ここではMagicaClothの簡単な構成要素と、最も使用頻度が高いBoneClothの素早いセットアップ方法を説明します。
Magica Clothの構成要素
MagicaClothは以下のコンポーネントから構成されています。
用途により使用するコンポーネントが変わります。
サンプルシーンについて
各コンポーネントについての簡単なサンプルシーンが用意されています。
サンプルシーンの中身をみることで、各コンポーネントの大体の動きが把握できるかと思います。

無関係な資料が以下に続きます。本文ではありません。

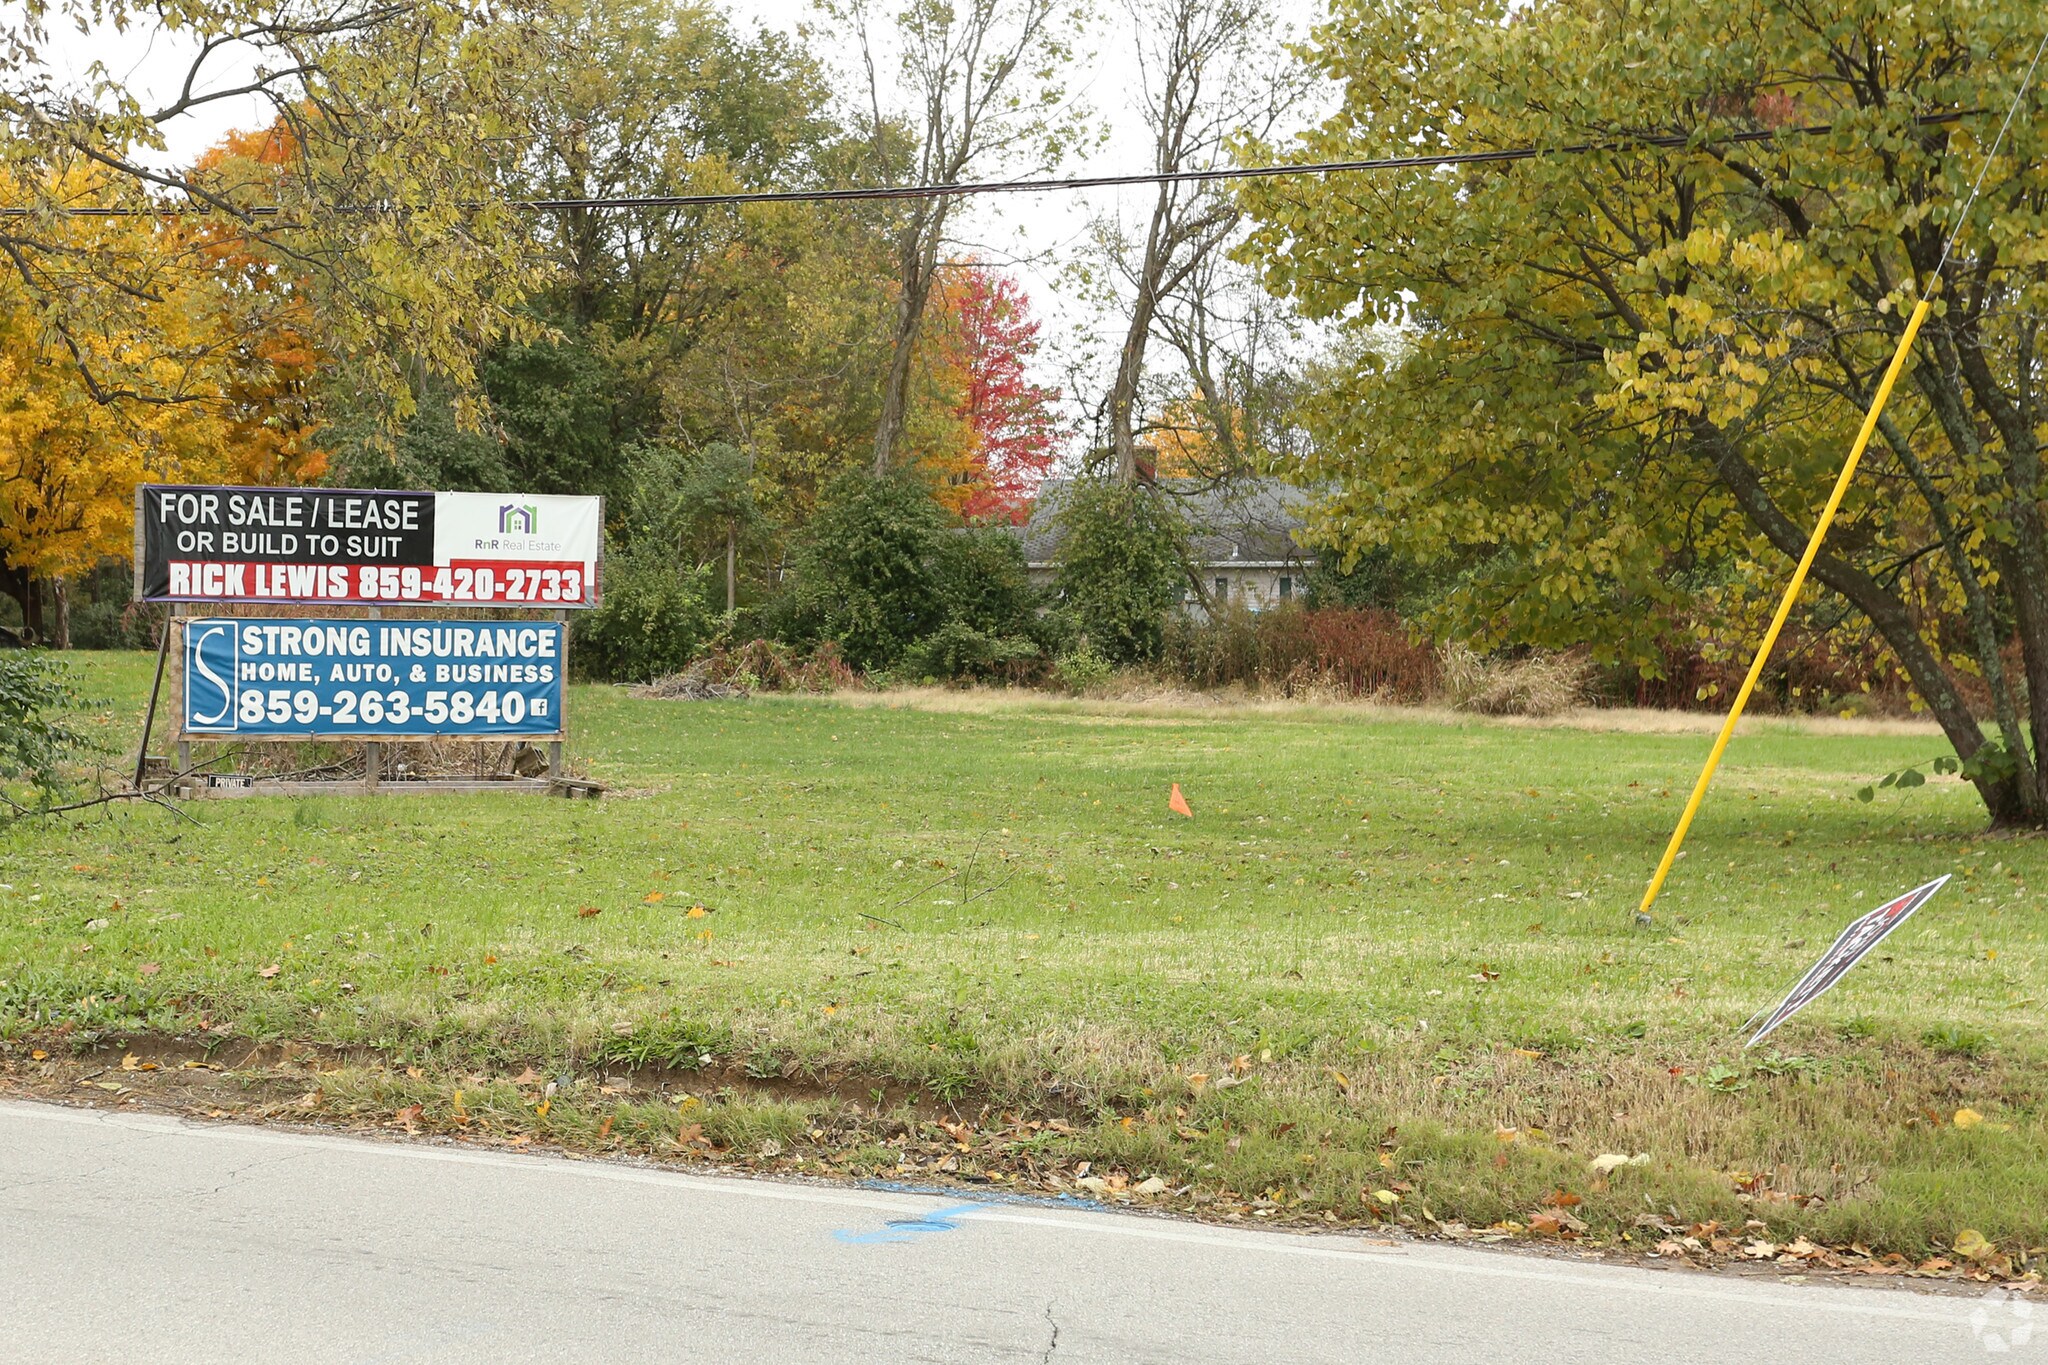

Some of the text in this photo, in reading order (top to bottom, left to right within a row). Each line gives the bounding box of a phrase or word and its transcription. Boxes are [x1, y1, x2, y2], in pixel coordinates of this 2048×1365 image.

サンプルシーンはMagicaCloth/Exsample/Sceneフォルダにあります。
サンプルシーン名 | 説明 |
BoneClothSample | ボーンクロスの簡単なサンプルです。 |
BoneSpringSample | ボーンスプリングの簡単なサンプルです。 |
MeshClothSample | メッシュクロスの簡単なサンプルです。 メッシュクロスがRenderDeformer/VirtualDeformerと連動していることに着目してください。 |
MeshSpringSample | メッシュスプリングの簡単なサンプルです。 |
UnityChanClothSample | UnityちゃんにBoneCloth/MeshCloth/MeshSpringを組み込んだサンプルです。 BoneClothは髪とリボンの制御、MeshClothはスカートの制御、MeshSpringは胸揺れの制御に使用されています。 VirtualDeformerが複数のRenderDeformerと連動していることに着目してください。 |
プリセットについて
クロスを制御するパラメータには多くのプロパティがあり、最初からすべてを把握するのは困難です。
そこで、使用頻度の高いクロス制御(髪、小物、スカートなど)のパラメータをプリセットとして収録してあります。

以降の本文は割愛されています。